Few can see increasing the number of suppliers, transforming procurement practices, or increasing responsiveness and resilience as priorities—as a significant disconnect. As many as 80 percent of people feel that technology investments haven’t delivered the expected results. Here, having the right talent and the right tech are issues that matter a lot. And 58 percent of companies are witnessing higher-than-normal turnover among supply chain employees, with only 23 percent fully agreeing that they have the necessary digital skills to meet future goals. In addition, few companies are focusing on ESG reporting and metrics. As to the changes that could address those risks as their top priority in the months ahead – 10 percent consider increasing responsiveness and resilience as a top priority, four percent think about transforming procurement practices and operating models, and three percent point out increased diversity and segmentation of suppliers.
Overall, increasing efficiency and managing or reducing costs in supply chain operations top the list of priorities over the next 12 to 18 months. Controlling costs is named the number-one priority, five times more than digital up-skilling, seven times more than increasing sustainability and corporate social responsibility, and nine times more than manufacturing digitization and automation. Many companies are focusing more on the bottom line in the short term. However, they still need to make some of these potentially-transformative actions a more significant focus.
Regarding essential priorities, we can notice that 63 percent want to increase efficiency, 59 percent wish to manage costs, and 21 percent look to automate processes and analytics, while 19 percent focus on digital up-skilling and 16 percent on manufacturing digitization and automation.
It’s essential for agri-business players to plan this crop of priorities well.
When technology is sprinkled in the right places, it can help the agriculture industry a lot in areas like:
- Resource planning
- Sales optimization
- Cutting down of customer-churn
- Robust identification of partners, suppliers, and assets
- Better location and footprint strategy
- Real-time crop analytics and forecasting
- Market growth mapping
- Determination of a stronger product-fit
- Identification of fast-changing growth opportunities
- Quick adaptation to changing conditions
- The focus of sales efforts on the right segment
The question about supply chains can be multifold – do you want to save costs?

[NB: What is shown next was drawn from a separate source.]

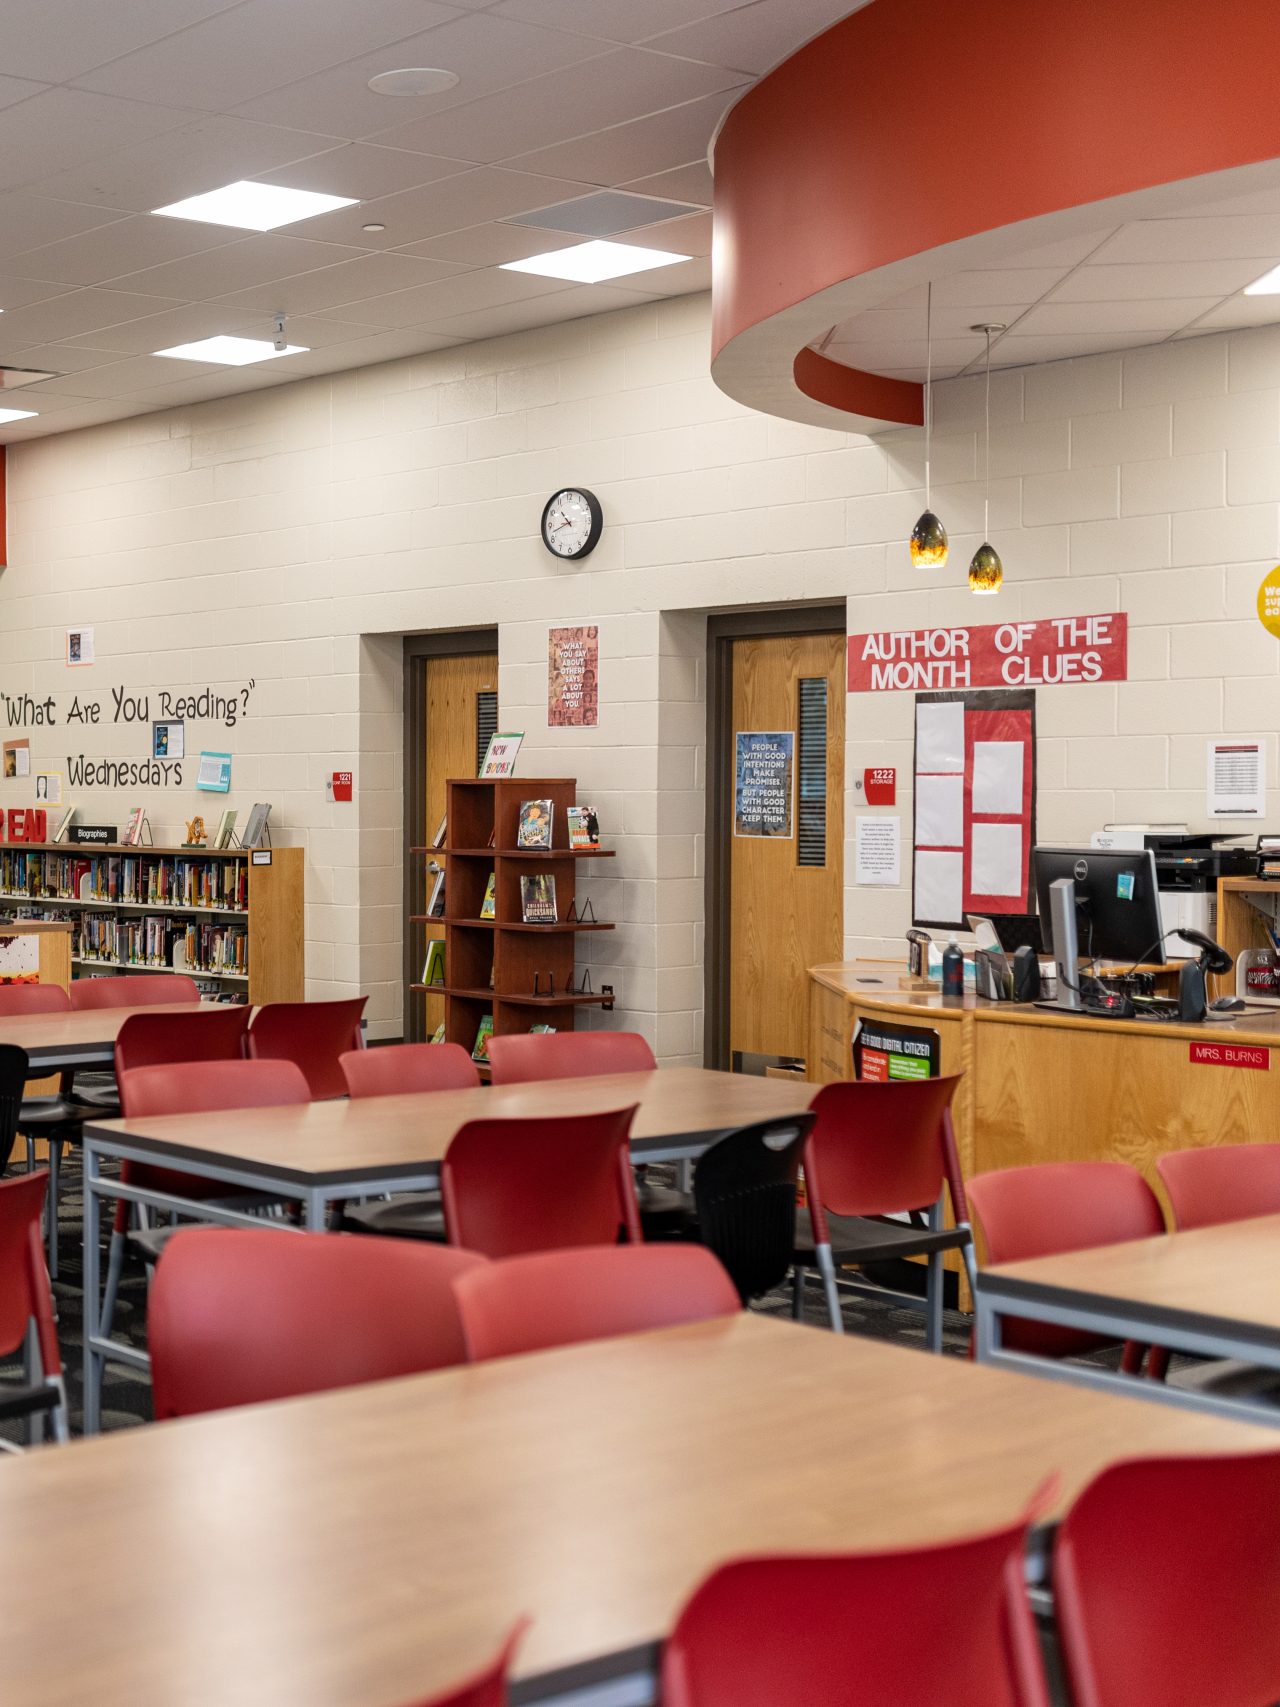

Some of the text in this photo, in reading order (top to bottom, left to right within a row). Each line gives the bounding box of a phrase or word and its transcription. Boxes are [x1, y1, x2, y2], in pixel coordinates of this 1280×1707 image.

Do you want to dilute risks? Do you want to be more resilient? Do you want to be more data-driven? Do you want to be intelligent and proactive- from within?
The answer, however, is simple- invest in something that can empower your agri-input supply chain and keep you strong enough to handle any supply chain disruption. With a digitally connected chain across all stakeholders, you can digitize and inter-connect your stakeholders well so that they can make better and more accurate decisions than before. You can simplify enterprise-wide information and connect business processes. You can empower your stakeholders with actionable insights, minimize documentation, and reduce errors with the fast-tracking of orders. You can give them the power of visibility and quick action. So that they never make knee-jerk reactions again.